» **Exercise brief**
Where a record holds a picture, leave the picture out; otherwise repeat every record exactly.

·····

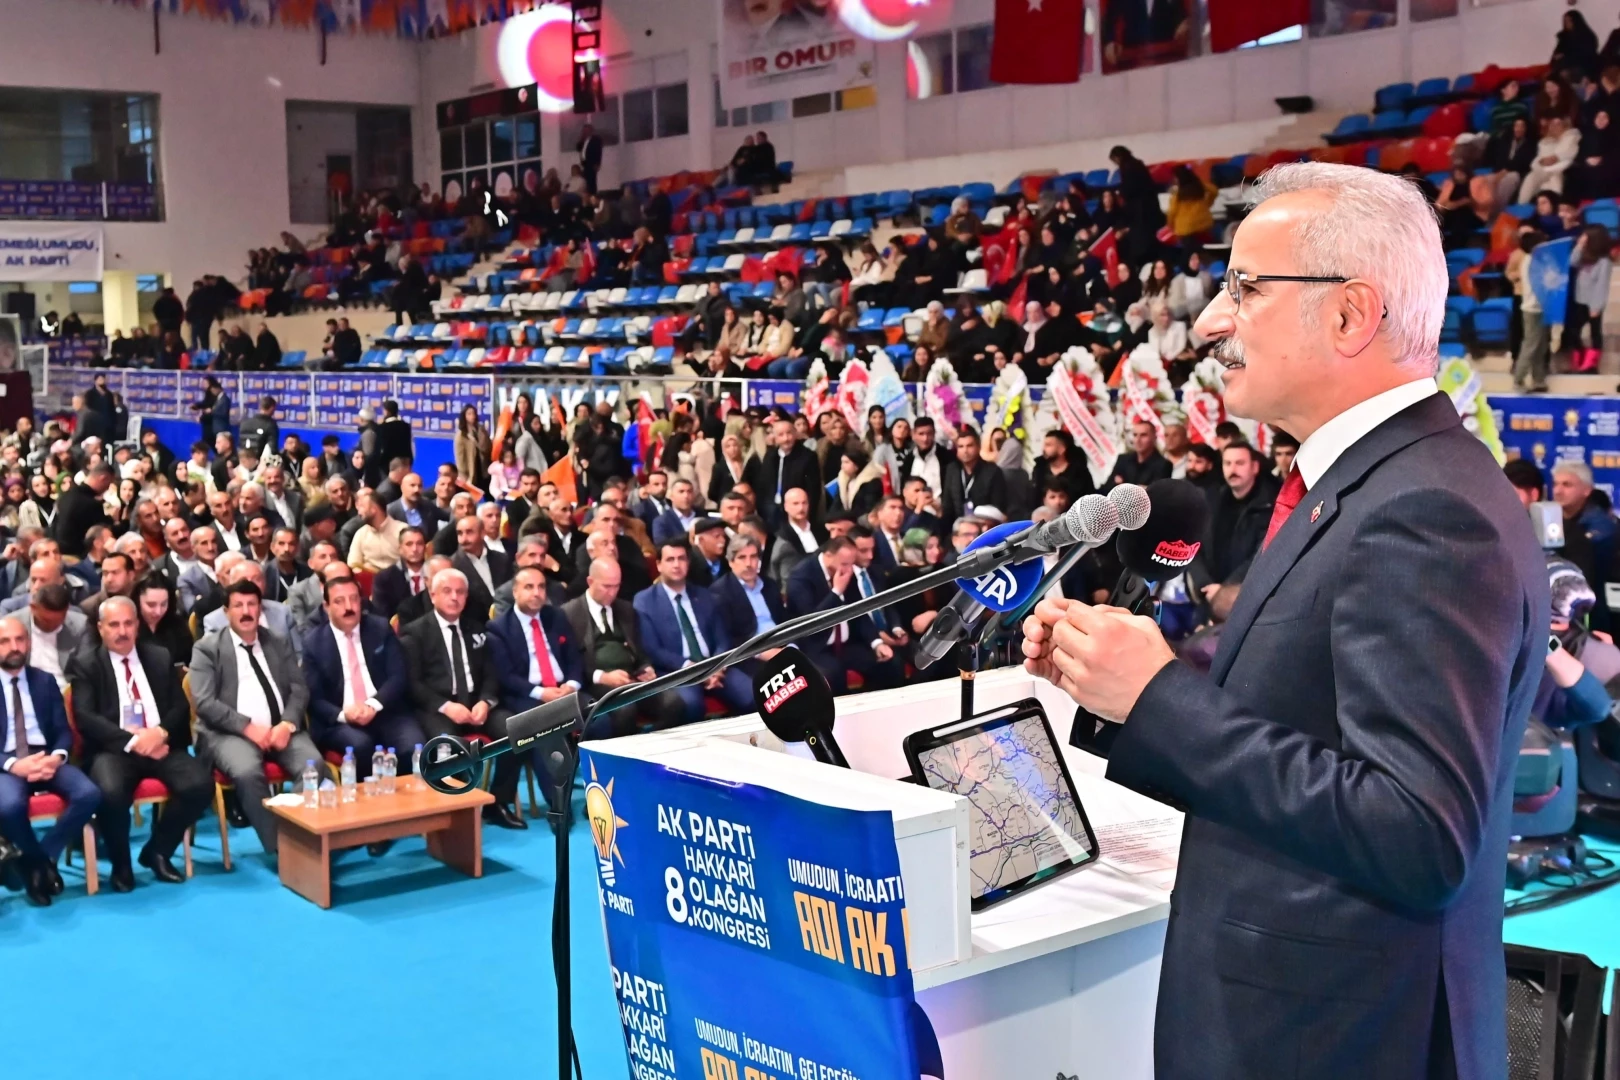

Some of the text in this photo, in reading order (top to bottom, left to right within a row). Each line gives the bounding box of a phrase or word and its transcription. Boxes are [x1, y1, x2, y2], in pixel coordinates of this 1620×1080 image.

[1159, 546, 1188, 558] HABER
[759, 664, 796, 699] TRT
[765, 678, 805, 711] HABER
[658, 803, 687, 840] AK
[683, 844, 755, 890] HAKKARİ
[788, 858, 844, 899] UMUDUN,
[689, 876, 766, 923] OLAĞAN
[793, 890, 845, 964] ADI
[845, 905, 896, 977] AK
[694, 1017, 743, 1060] UMUDUN,
[742, 1032, 798, 1080] İCRAATIN,

·····

» **Your response**
Some of the text in this photo, in reading order (top to bottom, left to right within a row). Each line gives the bounding box of a phrase or word and its transcription. Boxes are [x1, y1, x2, y2], in pixel coordinates of this 1620×1080 image.

[1159, 546, 1188, 558] HABER
[759, 664, 796, 699] TRT
[765, 678, 805, 711] HABER
[658, 803, 687, 840] AK
[683, 844, 755, 890] HAKKARİ
[788, 858, 844, 899] UMUDUN,
[689, 876, 766, 923] OLAĞAN
[793, 890, 845, 964] ADI
[845, 905, 896, 977] AK
[694, 1017, 743, 1060] UMUDUN,
[742, 1032, 798, 1080] İCRAATIN,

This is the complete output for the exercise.